= Gil Fuller =

American jazz musician (1920–1994)

Walter Gilbert "Gil" Fuller (April 14, 1920, Los Angeles, California – May 26, 1994, San Diego, California) was an American jazz arranger. He is no relation to the jazz trumpeter and vocalist Walter "Rosetta" Fuller.

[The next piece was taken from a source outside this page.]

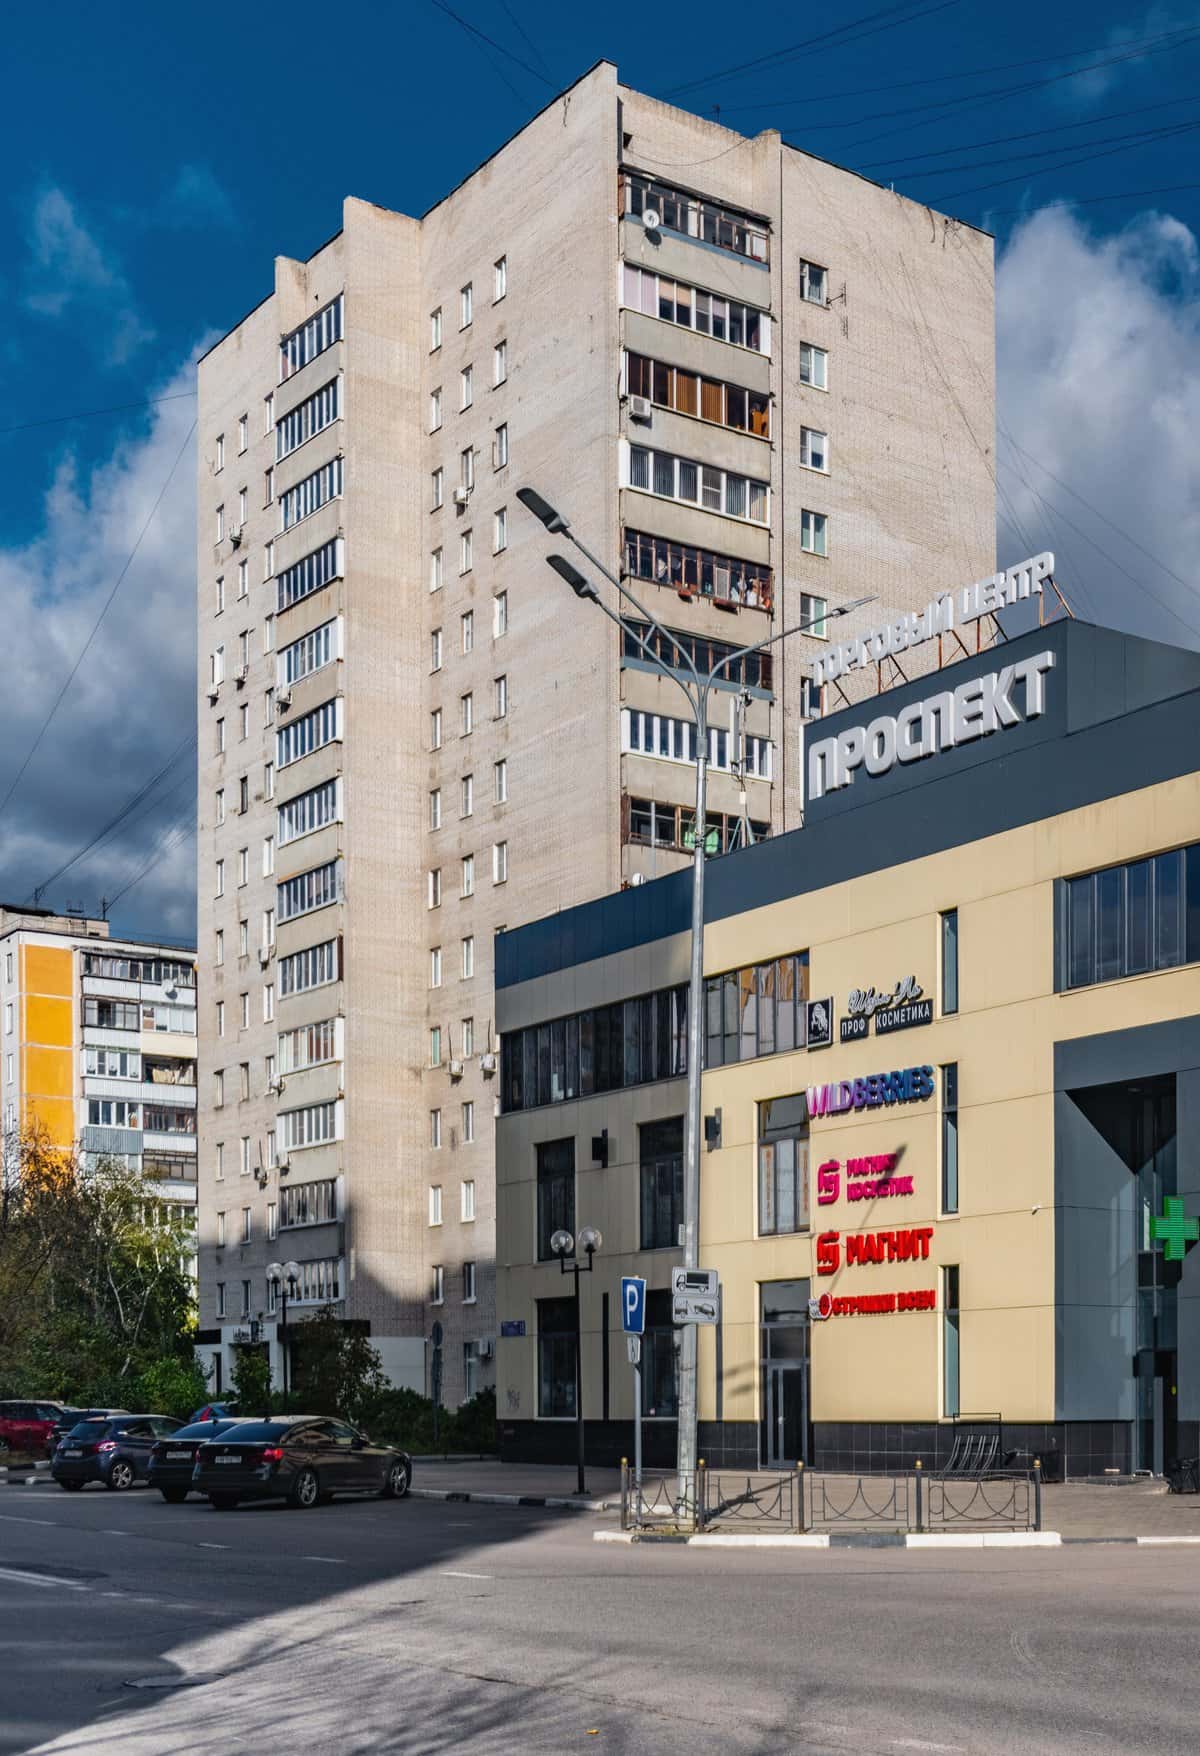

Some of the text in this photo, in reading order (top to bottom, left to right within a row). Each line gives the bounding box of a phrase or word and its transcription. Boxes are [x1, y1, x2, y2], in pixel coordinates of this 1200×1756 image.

In the 1930s and 1940s, Fuller did extensive work writing and arranging for bandleaders such as Les Hite, Jimmie Lunceford, Billy Eckstine, and Tiny Bradshaw; he also worked with Benny Carter, Benny Goodman, Woody Herman, Count Basie, Machito, and Tito Puente. After World War II, he found himself increasingly in demand as a bebop arranger, along with fellow modern arrangers Tadd Dameron, Gil Evans, and George Russell. Fuller's work with Dizzy Gillespie was of particular note, yielding the tunes "Manteca", "Swedish Suite", "Tin Tin Deo", and "One Bass Hit". He is the composer of the jazz standard ballad "I Waited For You", co-credited with Dizzy Gillespie.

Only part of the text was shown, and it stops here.